Pre-teen and Teenagers

Teens and pre-teens will be able to understand the idea of bugging-out. Include them when making your go bags. Let them pack their own and include things like their MP3 player, smart phone, notebook and pen, photos of friends, their favorite hoodie, and their favorite munchies. Remember that your older kids might be devastated that they have to leave their social life behind. Remember how sensitive they are at this age, they might become introverted, withdrawn and want some privacy.

Be very clear of your teenager’s responsibilities and include them in your plan. Will they be responsible for a younger sibling? Will it be their job to put up a tent, build a fire, or cook? What will their role be in all of this? Include them in the grown-up stuff and they will feel better.
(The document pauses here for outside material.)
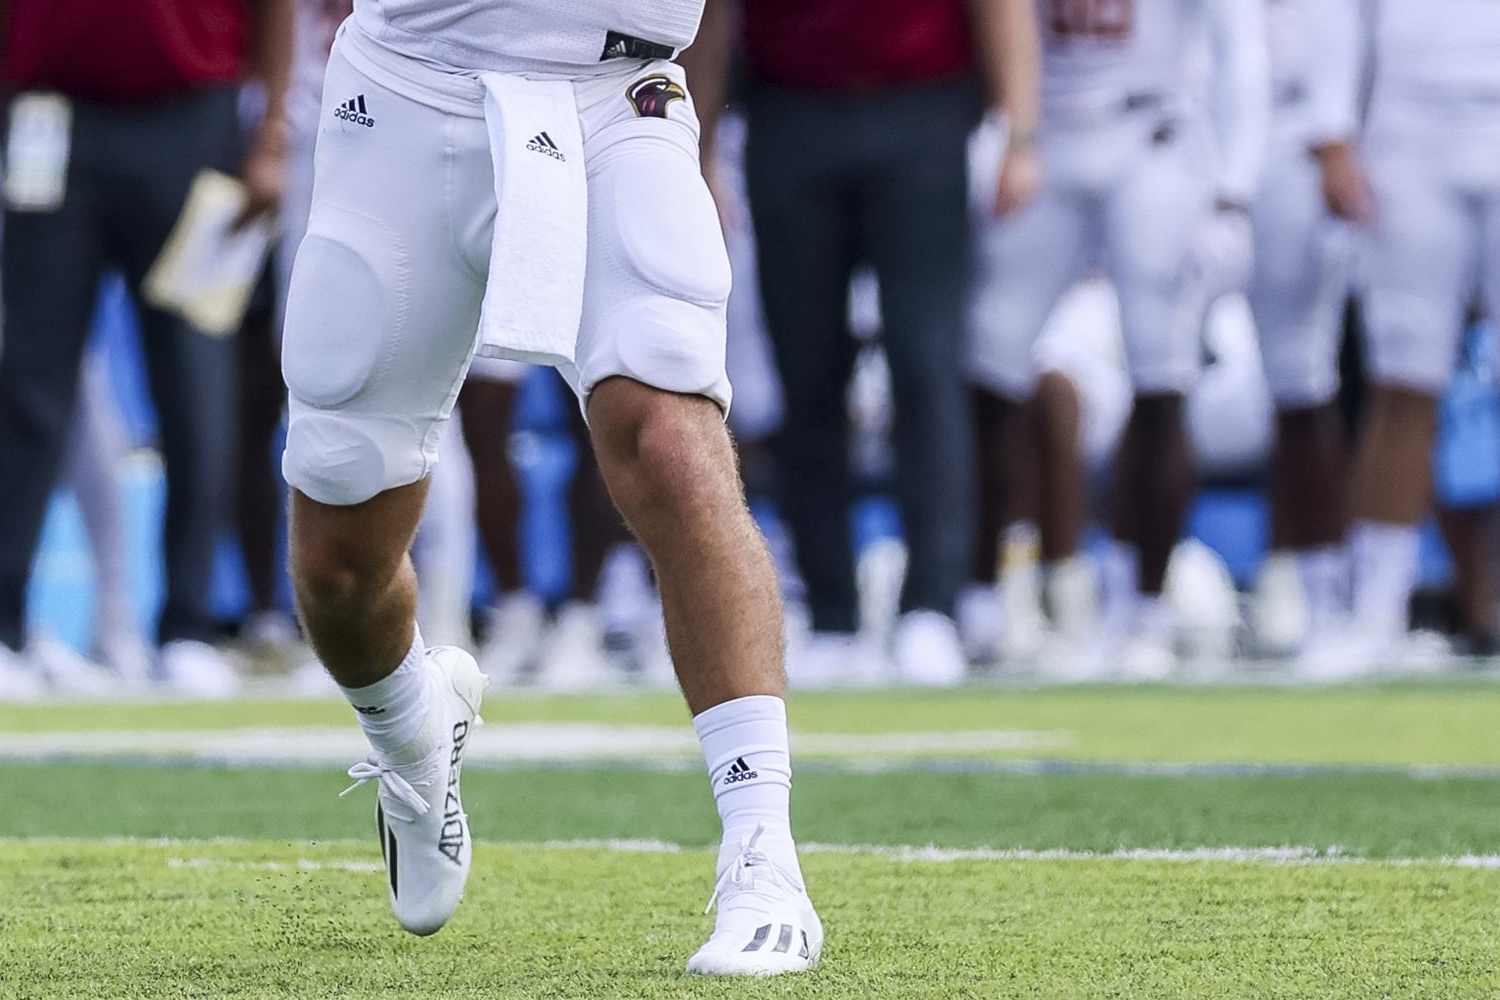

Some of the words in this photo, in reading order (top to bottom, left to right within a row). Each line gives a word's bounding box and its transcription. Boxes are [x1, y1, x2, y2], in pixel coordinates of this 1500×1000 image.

Giving them chores and responsibilities will help them take their mind off things they are leaving behind.

Older children may freak out without their texts, instant messages (IM), Facebook, and phone calls. To get them used to going without, have technology free days—not as punishment, but as family bonding time. Fishing on Sunday morning, hanging out at the park on a Saturday afternoon, hiking, camping, biking, or swimming are all technology free activities teenagers can enjoy. No electronic gadgets allowed! They can always text, call, or IM their friends when they get back home.

Make sure to pack enough water and food for your teenagers. Teenagers, especially teenage boys may need up to 3,000 calories a day, especially if you are hiking all day.

Bugging Out

Remember to revisit your children’s bug-out bags as they age and grow. Swap out their clothes, shoes, cold-weather gear, underwear, and socks so that everything will fit.

For bugging out to go as smoothly as possible, have a plan for every possible scenario you can imagine. If your children are at an age where they will understand, explain it to them. Will bugging out with little ones be challenging? Sure, but not impossible—the better prepared you are, the smoother it will go.

Do you have children? How have you accommodated for them in your preparations?